(Collected data entries)

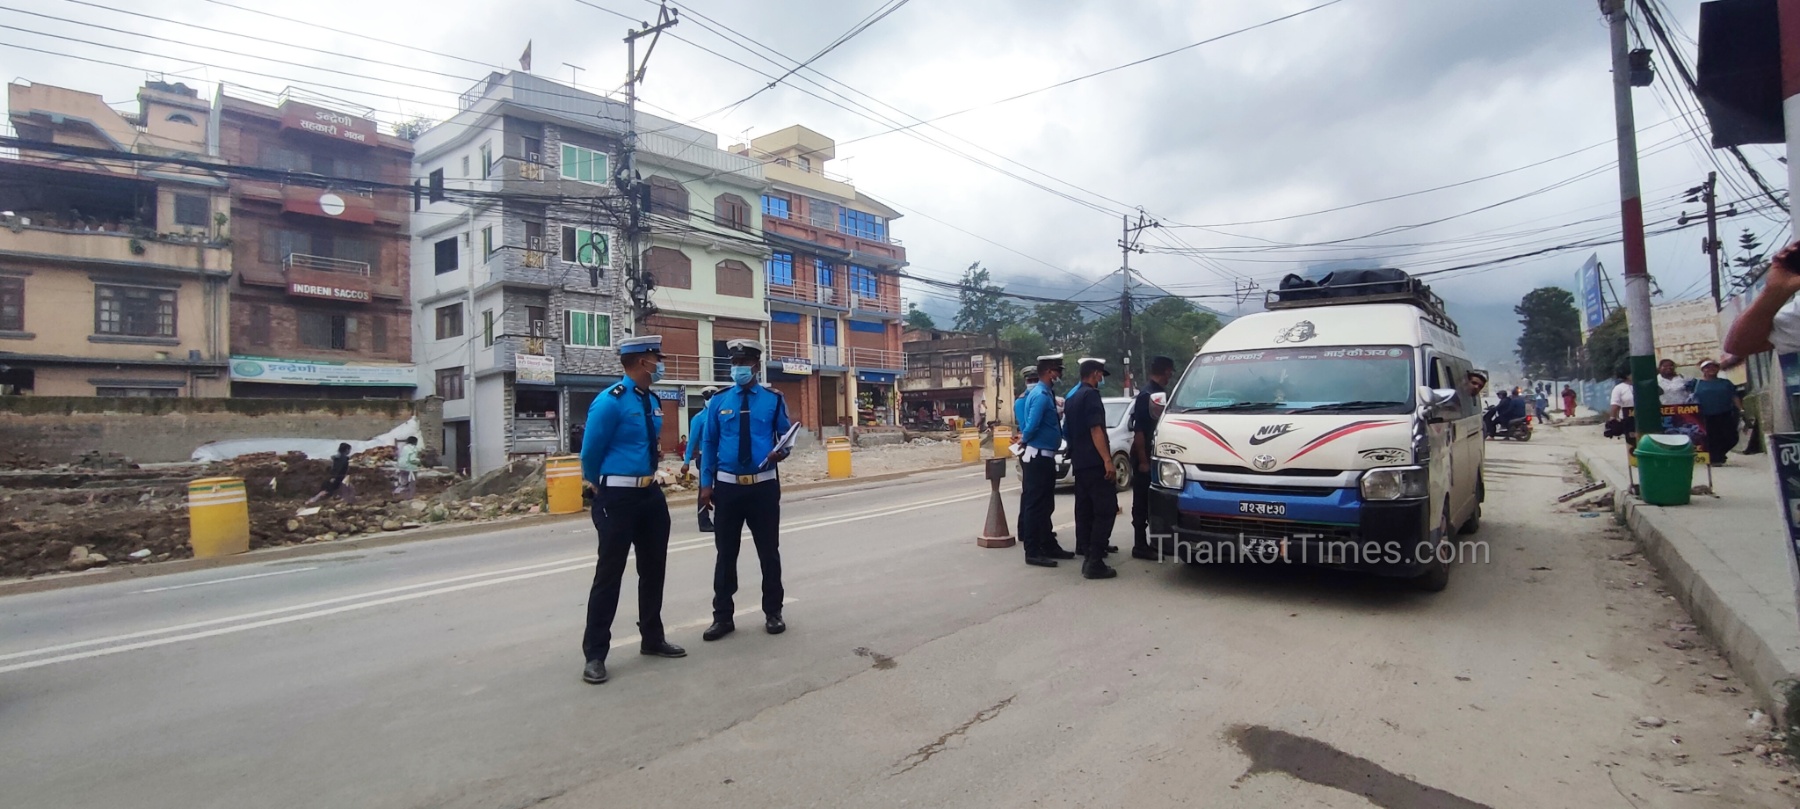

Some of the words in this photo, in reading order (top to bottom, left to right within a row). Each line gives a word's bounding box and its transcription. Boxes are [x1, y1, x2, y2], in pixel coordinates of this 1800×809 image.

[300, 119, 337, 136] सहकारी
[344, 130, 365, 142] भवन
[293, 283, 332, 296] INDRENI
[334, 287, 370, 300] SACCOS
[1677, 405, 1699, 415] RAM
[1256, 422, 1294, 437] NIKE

Task directions: What is needed is every record above printed exactly, with no pictures.

Result below:
Some of the words in this photo, in reading order (top to bottom, left to right within a row). Each line gives a word's bounding box and its transcription. Boxes are [x1, y1, x2, y2], in pixel coordinates of this 1800×809 image.

[300, 119, 337, 136] सहकारी
[344, 130, 365, 142] भवन
[293, 283, 332, 296] INDRENI
[334, 287, 370, 300] SACCOS
[1677, 405, 1699, 415] RAM
[1256, 422, 1294, 437] NIKE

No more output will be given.